(Records from a collection)
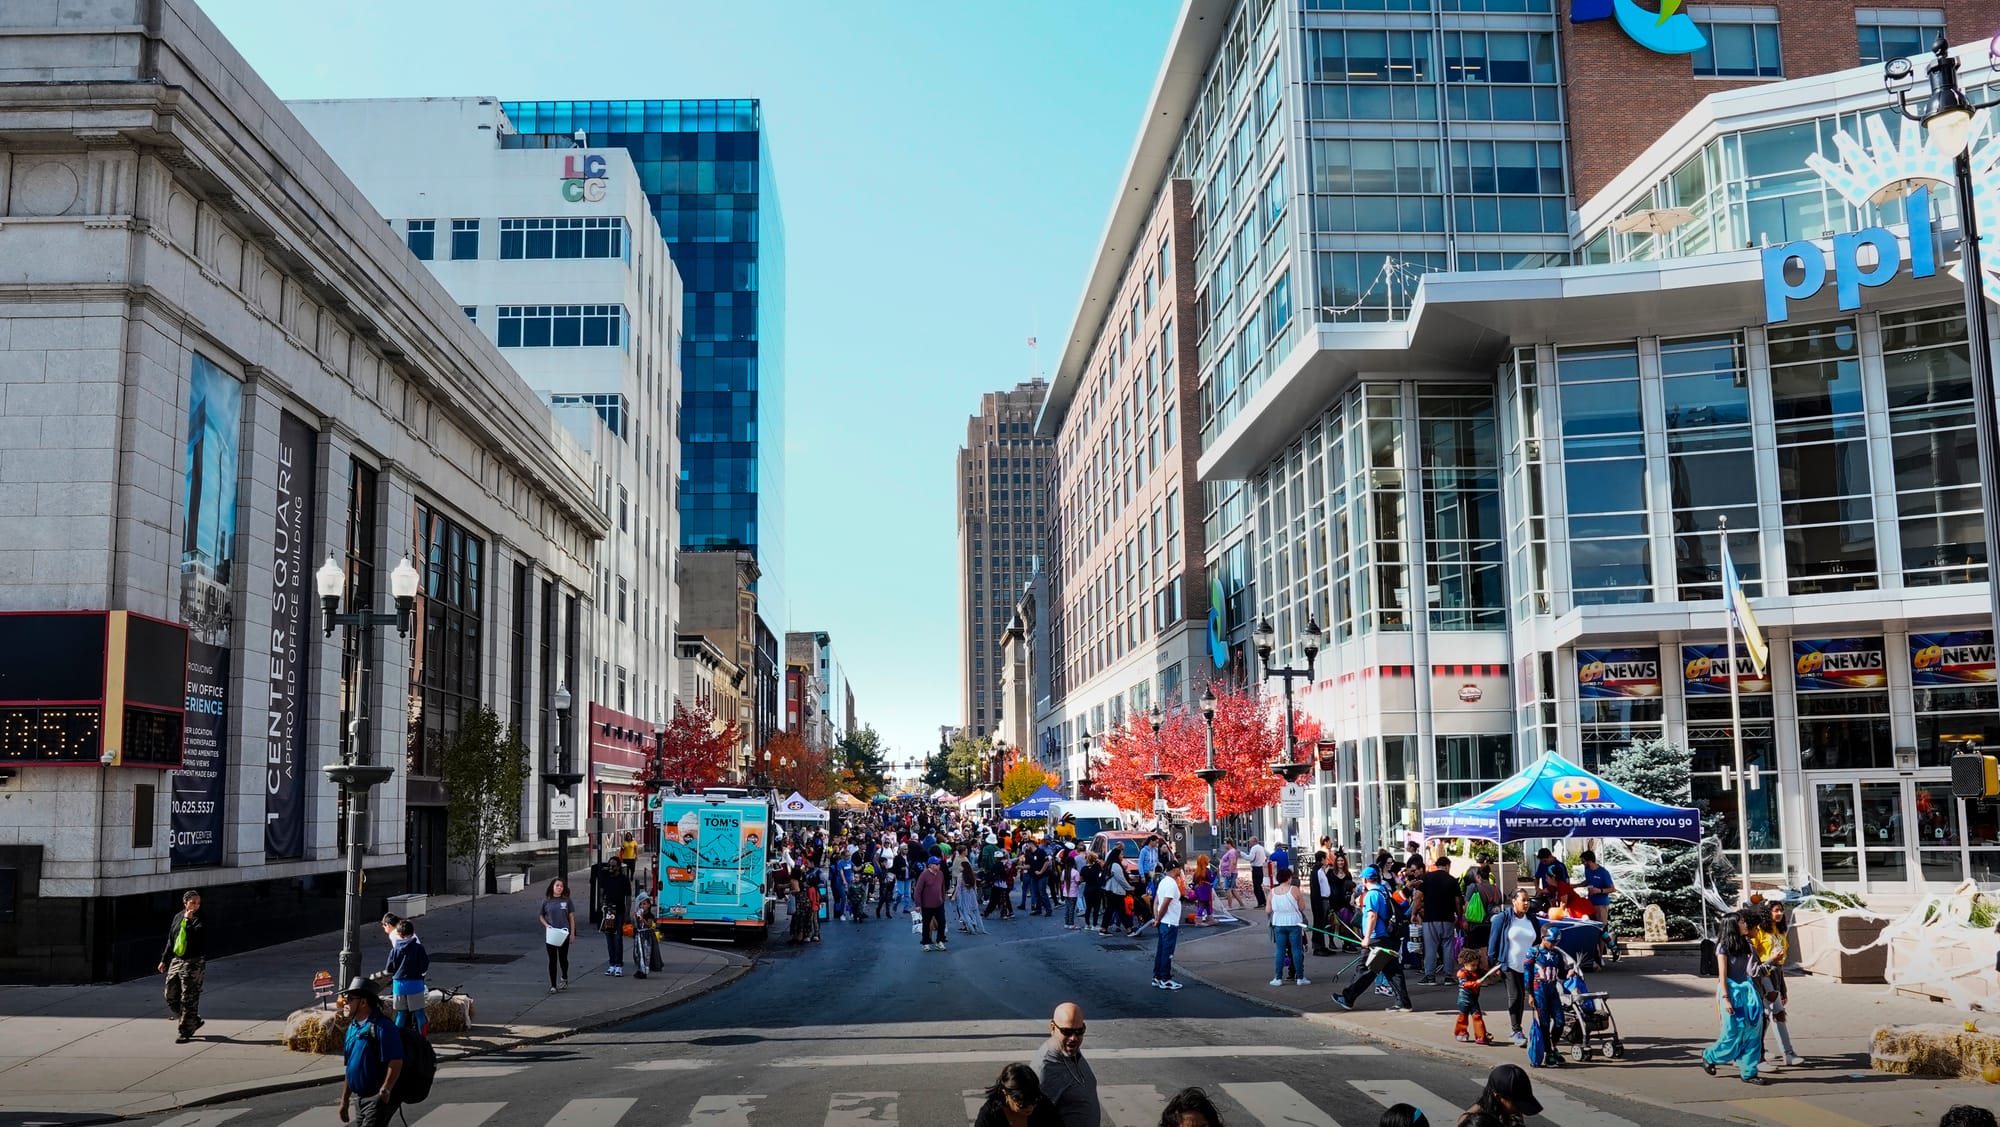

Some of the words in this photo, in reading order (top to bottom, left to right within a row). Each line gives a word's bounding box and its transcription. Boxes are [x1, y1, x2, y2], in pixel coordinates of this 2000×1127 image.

[1761, 184, 1936, 324] ppl
[273, 442, 292, 614] SQUARE
[292, 496, 303, 586] BUILDING
[288, 593, 299, 663] OFFICE
[1685, 657, 1712, 679] 69
[1797, 651, 1823, 674] 69
[1824, 652, 1881, 669] NEWS
[1914, 645, 1942, 669] 69
[1579, 661, 1604, 683] 69
[1604, 662, 1656, 678] NEWS
[199, 684, 224, 698] OFFICE
[267, 628, 285, 794] CENTER
[192, 728, 213, 736] LOCATION
[285, 670, 297, 779] APPROVED
[189, 738, 217, 747] WORKSPACES
[197, 749, 220, 758] AMENITIES
[196, 760, 210, 768] VIEWS
[1552, 776, 1599, 804] 69
[171, 801, 215, 813] 10.625.5537
[268, 812, 280, 825] 1
[704, 817, 740, 828] TOM'S
[1505, 817, 1587, 828] WFMZ.COM
[1592, 815, 1655, 827] everywhere
[1656, 818, 1676, 830] you
[1678, 819, 1693, 830] go
[178, 831, 196, 846] CITY

_What the exercise asks_
With the pictures left aside, set down each entry above exactly as it stands.

_Task answer_
Some of the words in this photo, in reading order (top to bottom, left to right within a row). Each line gives a word's bounding box and its transcription. Boxes are [x1, y1, x2, y2], in pixel coordinates of this 2000×1127 image.

[1761, 184, 1936, 324] ppl
[273, 442, 292, 614] SQUARE
[292, 496, 303, 586] BUILDING
[288, 593, 299, 663] OFFICE
[1685, 657, 1712, 679] 69
[1797, 651, 1823, 674] 69
[1824, 652, 1881, 669] NEWS
[1914, 645, 1942, 669] 69
[1579, 661, 1604, 683] 69
[1604, 662, 1656, 678] NEWS
[199, 684, 224, 698] OFFICE
[267, 628, 285, 794] CENTER
[192, 728, 213, 736] LOCATION
[285, 670, 297, 779] APPROVED
[189, 738, 217, 747] WORKSPACES
[197, 749, 220, 758] AMENITIES
[196, 760, 210, 768] VIEWS
[1552, 776, 1599, 804] 69
[171, 801, 215, 813] 10.625.5537
[268, 812, 280, 825] 1
[704, 817, 740, 828] TOM'S
[1505, 817, 1587, 828] WFMZ.COM
[1592, 815, 1655, 827] everywhere
[1656, 818, 1676, 830] you
[1678, 819, 1693, 830] go
[178, 831, 196, 846] CITY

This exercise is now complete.